Free-text object descriptions:
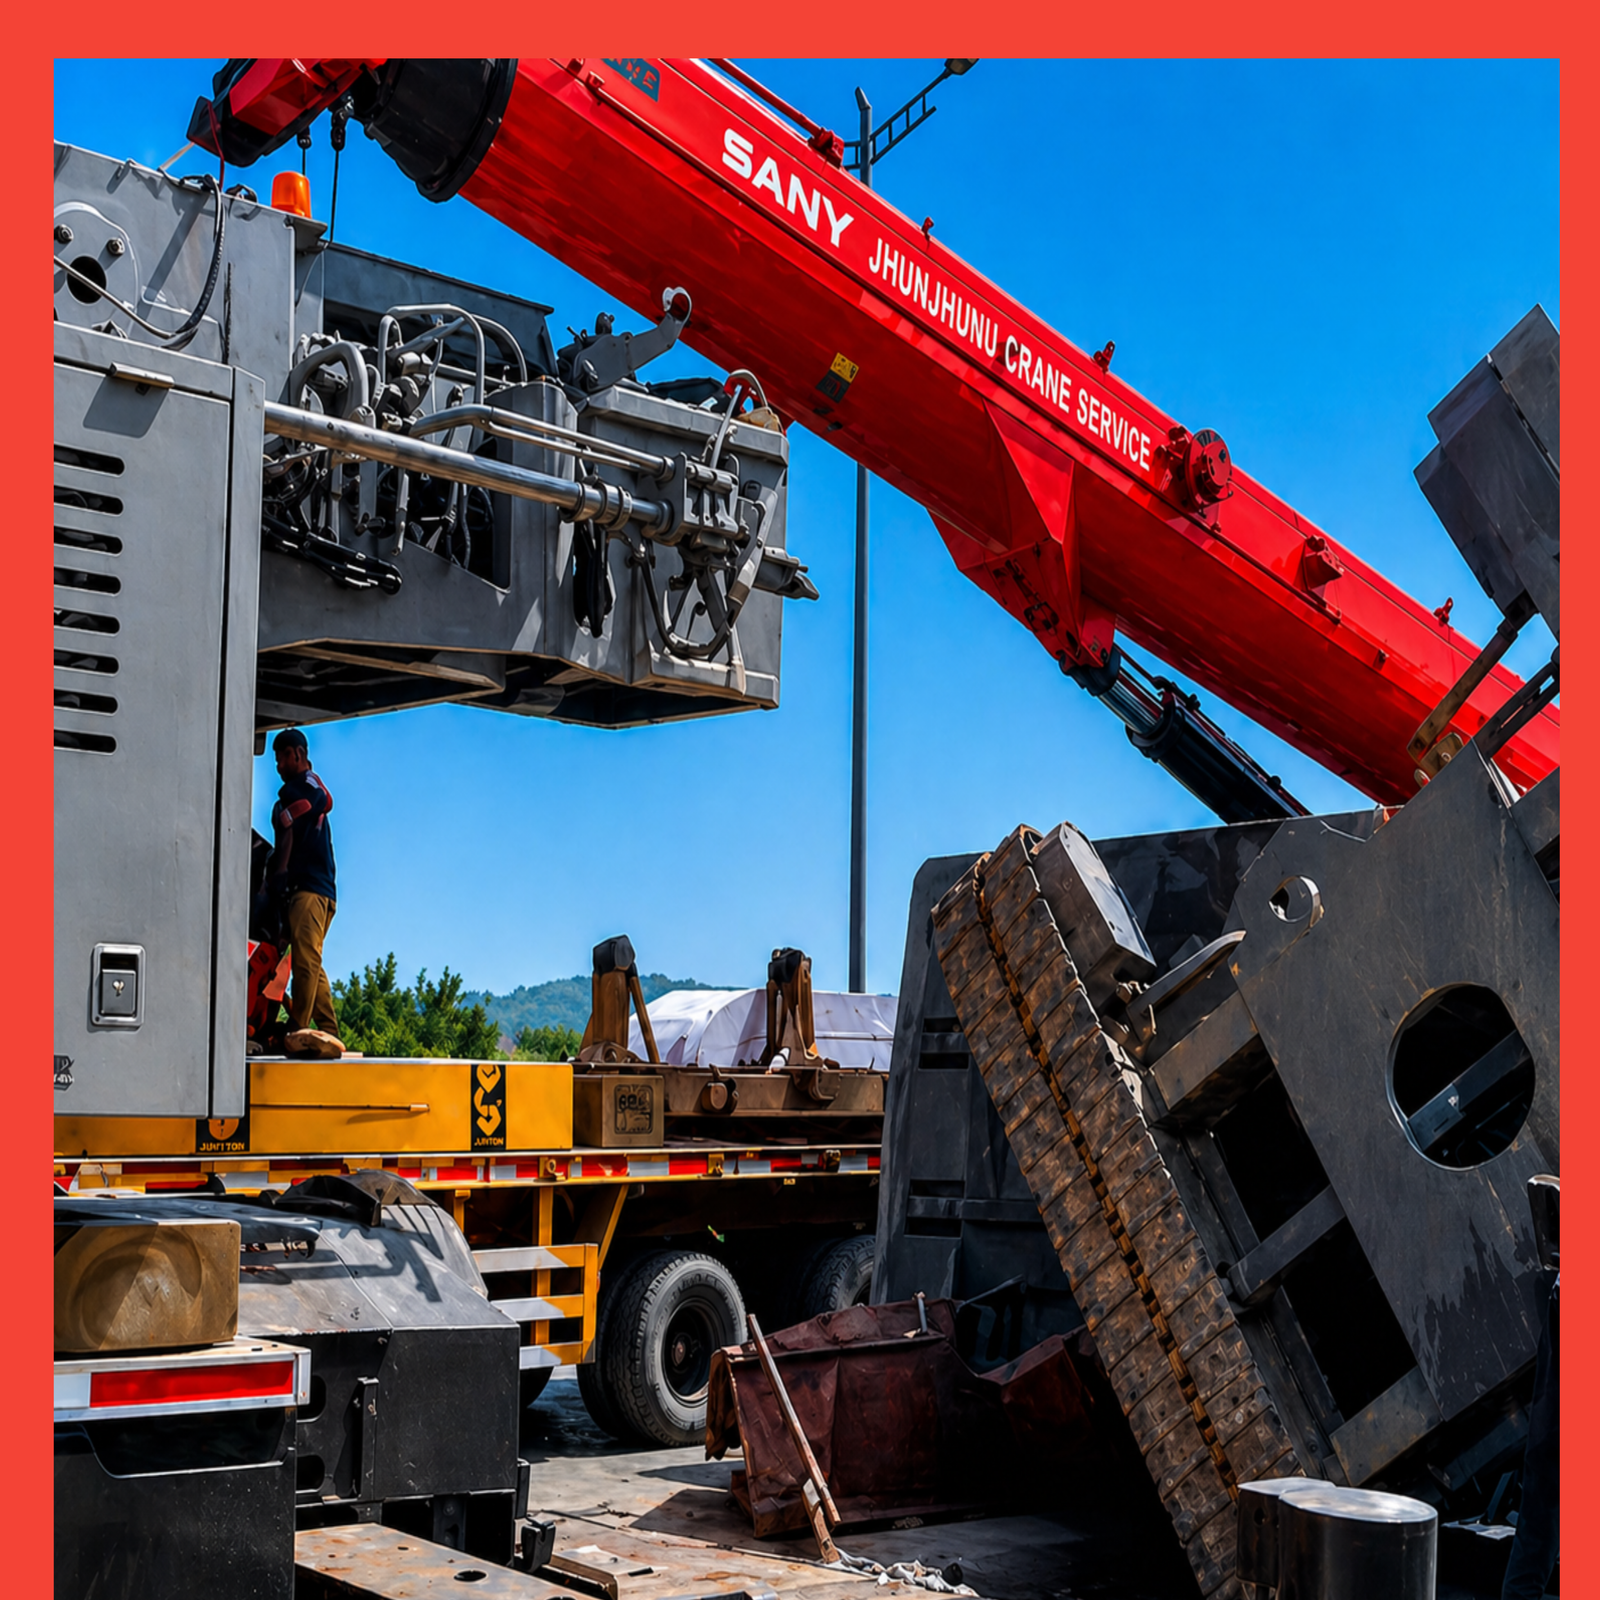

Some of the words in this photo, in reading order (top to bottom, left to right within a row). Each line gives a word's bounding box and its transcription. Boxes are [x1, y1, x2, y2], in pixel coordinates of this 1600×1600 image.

[722, 128, 854, 248] SANY
[868, 237, 998, 358] JHUNJHUNU
[1004, 335, 1072, 414] CRANE
[1076, 388, 1151, 471] SERVICE

▸ YOUR OBJECTIVE
Make an exact copy of every record, pictures excluded.

▸ RESPONSE TO THE EXERCISE
Some of the words in this photo, in reading order (top to bottom, left to right within a row). Each line gives a word's bounding box and its transcription. Boxes are [x1, y1, x2, y2], in pixel coordinates of this 1600×1600 image.

[722, 128, 854, 248] SANY
[868, 237, 998, 358] JHUNJHUNU
[1004, 335, 1072, 414] CRANE
[1076, 388, 1151, 471] SERVICE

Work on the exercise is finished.